Waking up in Austin.

I woke with a shudder. Memories from the night before rushed back in waves of clutter and confusion. The usual drinks. The meaningless conversations. The feeling that everyone in Texas is suffering from some sort of pretentious delusion that the 28th state, and themselves by residency, are better simply because of land mass. Vague and blurred images of bars, cabs, and a house party. Purchasing a pint of vodka because it fit into my jeans pocket. Meeting a news producer at a trendy bar I was too under-dressed for. Screaming at a cab driver. Apologizing. Scores of police waiting for the chance to arrest anyone of interest.

And it left a bad taste in my mouth. The sullen realization that these people, these places, all of them were unfitting of who I was. I didn't wake loving the things I did the night prior. I didn't wake with a smile. I woke with a massive hangover. I woke $200 poorer. And I woke wondering why.

As the liquor waited to process through my liver, it further reminded me of the foolish choices and ideas I continually pursue. What benefit was my acquisition of phone numbers from girls I never plan on calling. Or my consumption of terrible tasting liquor. The slamming of beers. Shots of absinthe. Irish car bombs. Double fisting a double gin and tonic with a stream of red headed sluts.

The scalding hotel hand towel wiped the dirt from my face but did nothing to alleviate the morning buzz- the type that demands you either push the envelope or call it a day. Sure, you can try and sober up like a functional member of society, but what benefit would that serve in helping find adventures. Excitement. Things worth noting. So I grabbed the liter of Smirnoff standing guard in the freezer and took a pull. Woke my companions. Escaped the hotel with its "courtyard" vista and semen stains. Chased the adventures I knew I'd one day have.

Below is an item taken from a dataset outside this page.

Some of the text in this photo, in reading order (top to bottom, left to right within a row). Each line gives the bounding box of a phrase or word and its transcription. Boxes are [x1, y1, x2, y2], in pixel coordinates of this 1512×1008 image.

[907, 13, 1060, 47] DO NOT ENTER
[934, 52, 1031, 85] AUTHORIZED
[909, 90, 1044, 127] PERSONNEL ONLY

It was somewhere before stopping for Elk at an overpriced jerky cart but somewhere after swigging vodka in the mall parking lot that the epiphany hit me. It struck me floating along the Colorado River in a kayak that I am letting potential wither away. And potential-potential is a word I loathe. Potential is perpetually a backhanded compliment. It arises in conversation to inform you that yes, you're wasting time. Your time, my time, all time.

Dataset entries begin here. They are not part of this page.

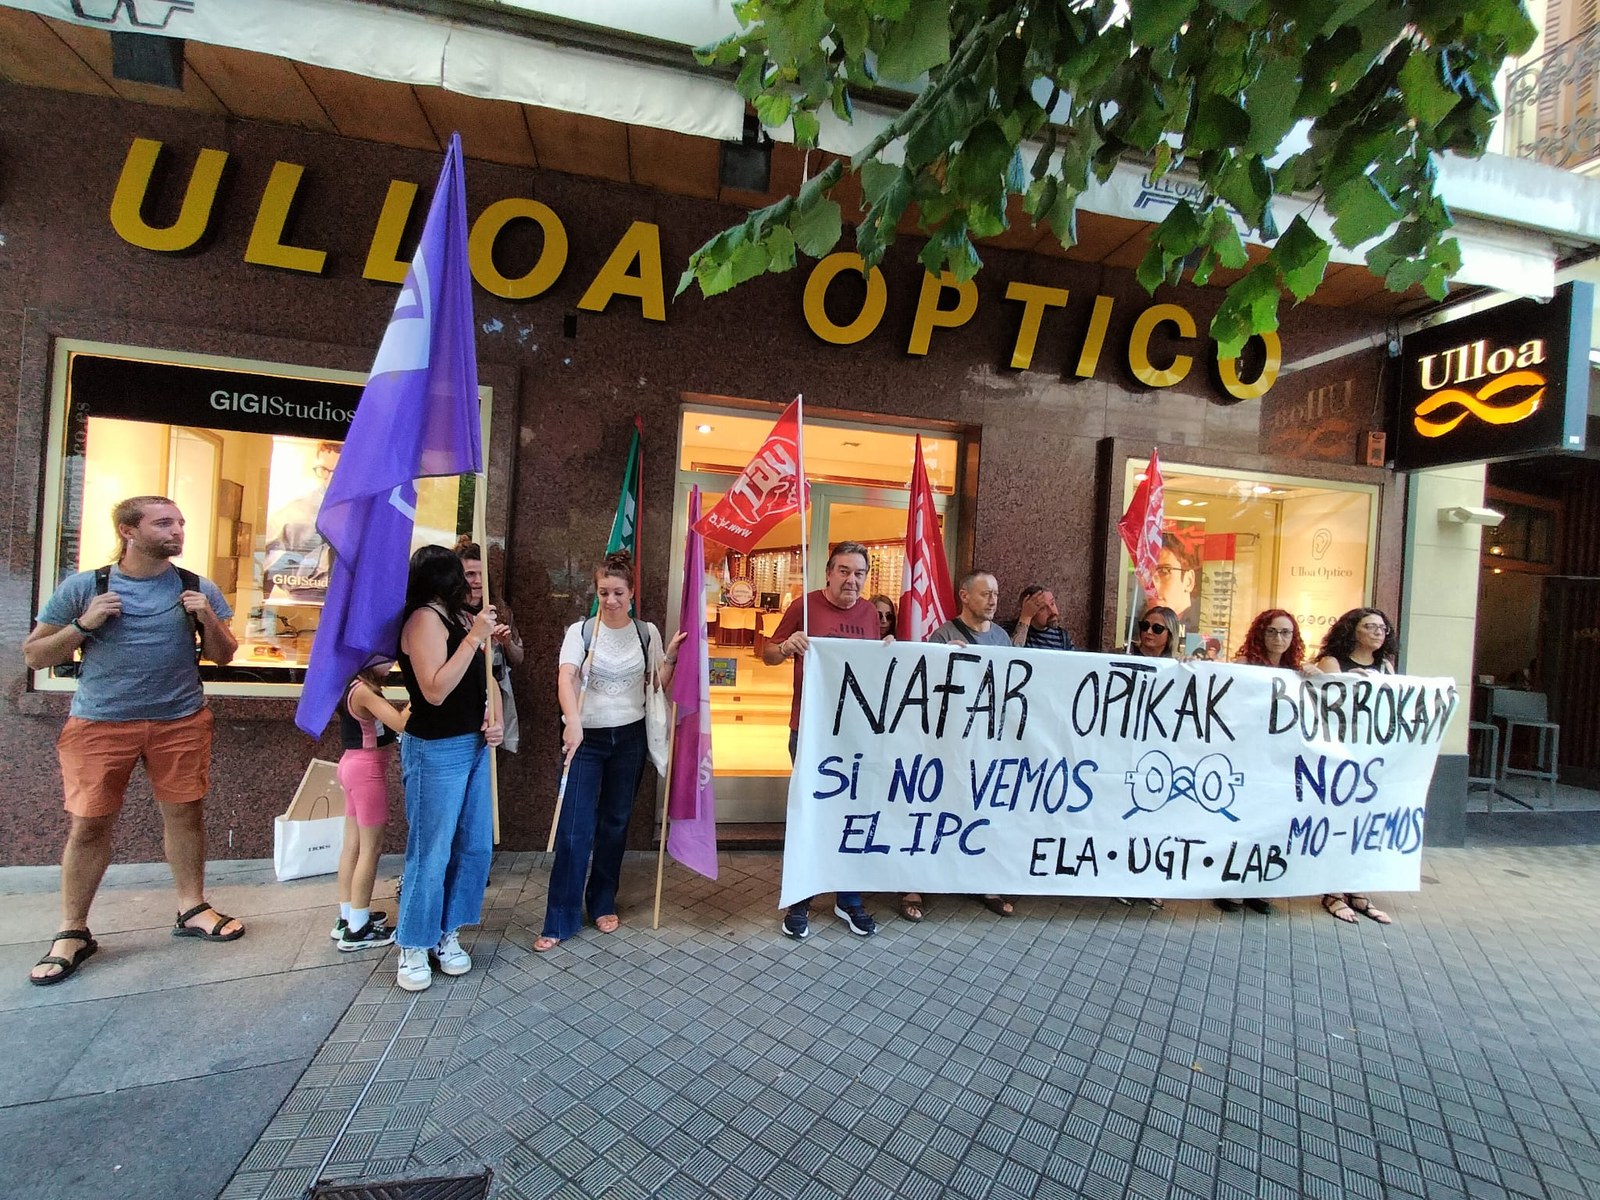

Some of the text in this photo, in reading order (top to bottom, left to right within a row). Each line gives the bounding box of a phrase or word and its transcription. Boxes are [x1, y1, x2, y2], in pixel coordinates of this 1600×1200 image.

[110, 137, 666, 321] ULLOA
[803, 251, 1281, 399] OPTICO
[1418, 340, 1546, 390] Ulloa
[273, 574, 329, 587] GIGIStud
[1291, 566, 1353, 580] Ulloa Optico
[832, 652, 1033, 741] NAFAR
[1268, 676, 1459, 746] BORROKAN
[887, 753, 944, 804] NO
[970, 757, 1099, 814] VEMOS
[1294, 754, 1384, 806] NOS
[838, 811, 990, 856] EL IPC
[1029, 835, 1288, 884] ELA UGT LAB

But the word wormed its way into my mind's eye. And lazily spinning in a circle, I realized that I'm better than this constant debauchery. As a child, you're told you can do anything you want when you grow up. But as an adult, you realize you've already eliminated so many options that failure isn't even a choice. It's a reality. But potential doesn't have to be spent on lofty goals or socially acceptable job paths. You can use it anyway you want. And my potential? I'll be using it left and right to obtain whatever I desire. What that is, I'm not sure yet. But I'm ready to start the journey of finding out.

And sitting there in water and hardened plastic I realized that I didn't hate the people and places, the acts and events. I hated myself for being so inundated with them. I hated myself for wasting my own time. My spite was self-directed and externally manifested. And completely pointless.

So I paddled back and stopped waiting for life to come find me. I set off to find my own adventure. To make my own adventure. Because this place? It isn't big enough to hold me. Because soon the things I'm going to be doing are going to be bigger than Texas.

1 comment:

  1. wow, i really enjoyed reading this. youre a really good writer. thanks for this.